- [WORK ITEM]:
Take the entries below and write them out exactly, with each picture removed.

╭─ GIVEN RECORDS

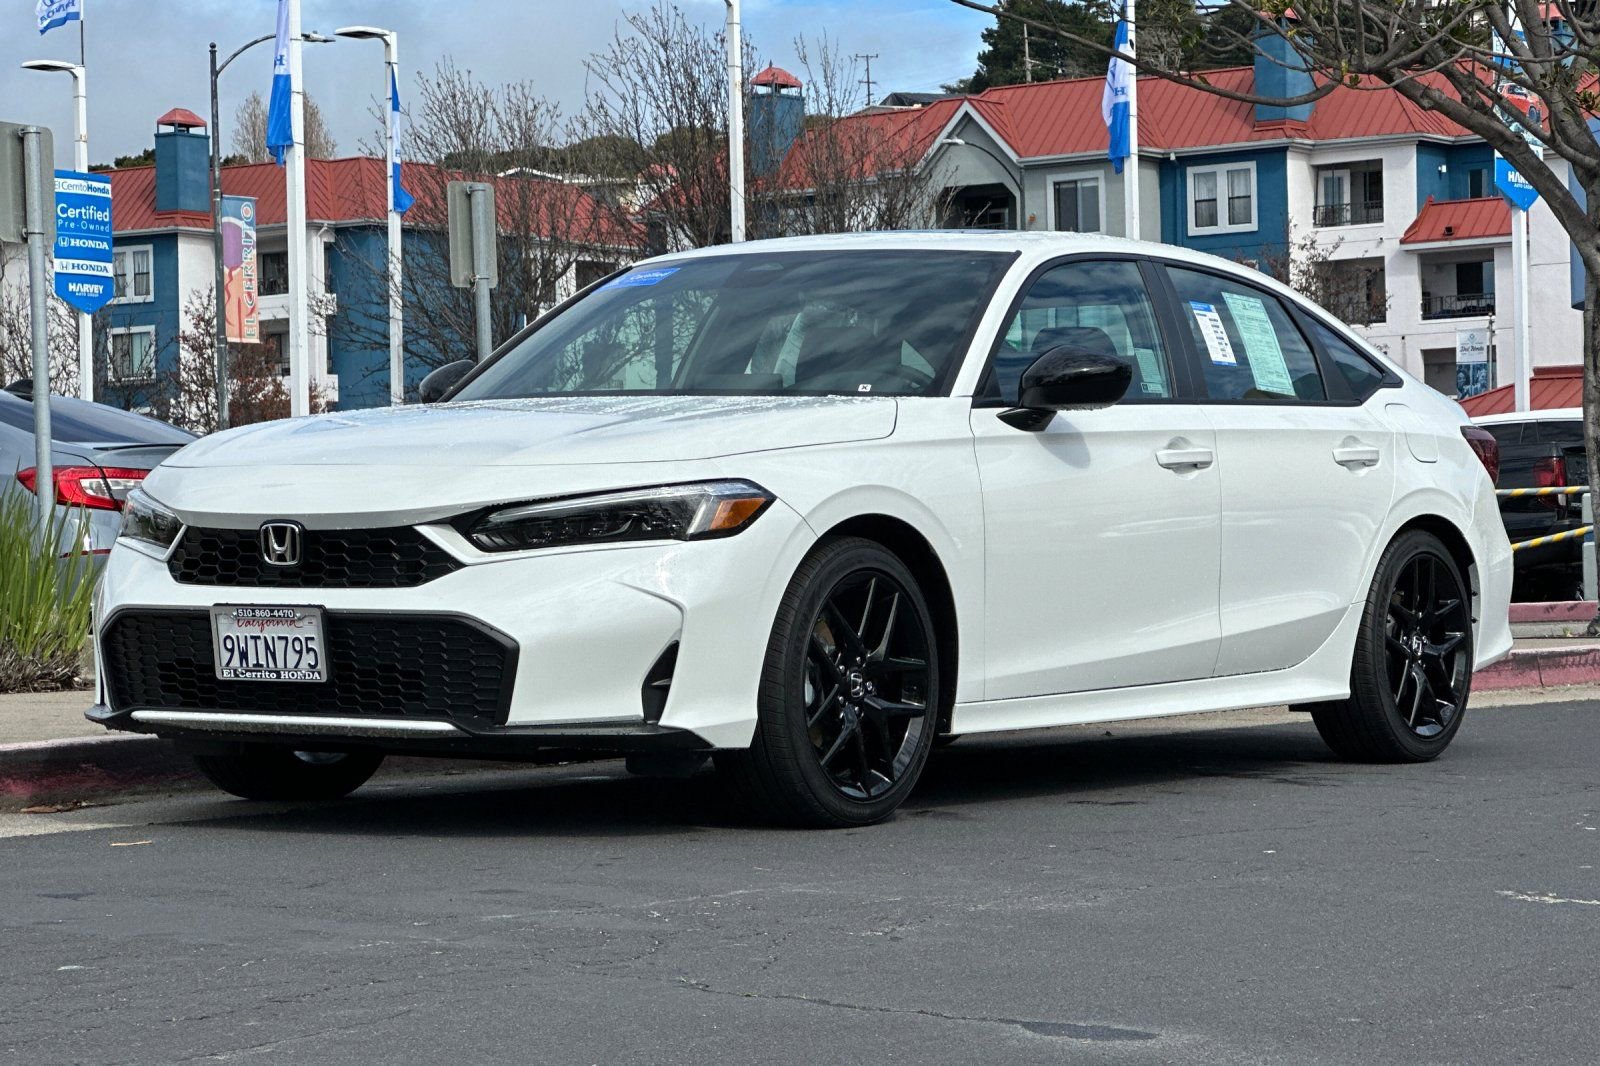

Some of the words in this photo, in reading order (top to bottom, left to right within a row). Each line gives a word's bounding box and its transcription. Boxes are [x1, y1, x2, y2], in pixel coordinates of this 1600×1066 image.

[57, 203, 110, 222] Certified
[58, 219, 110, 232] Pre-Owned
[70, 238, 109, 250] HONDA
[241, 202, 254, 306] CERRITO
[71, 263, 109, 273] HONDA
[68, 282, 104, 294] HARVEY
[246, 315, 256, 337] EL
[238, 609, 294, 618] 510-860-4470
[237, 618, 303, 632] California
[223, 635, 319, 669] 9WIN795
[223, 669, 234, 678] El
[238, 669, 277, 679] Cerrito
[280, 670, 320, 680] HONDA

╰─

- [WRITTEN SOLUTION]:
Some of the words in this photo, in reading order (top to bottom, left to right within a row). Each line gives a word's bounding box and its transcription. Boxes are [x1, y1, x2, y2], in pixel coordinates of this 1600×1066 image.

[57, 203, 110, 222] Certified
[58, 219, 110, 232] Pre-Owned
[70, 238, 109, 250] HONDA
[241, 202, 254, 306] CERRITO
[71, 263, 109, 273] HONDA
[68, 282, 104, 294] HARVEY
[246, 315, 256, 337] EL
[238, 609, 294, 618] 510-860-4470
[237, 618, 303, 632] California
[223, 635, 319, 669] 9WIN795
[223, 669, 234, 678] El
[238, 669, 277, 679] Cerrito
[280, 670, 320, 680] HONDA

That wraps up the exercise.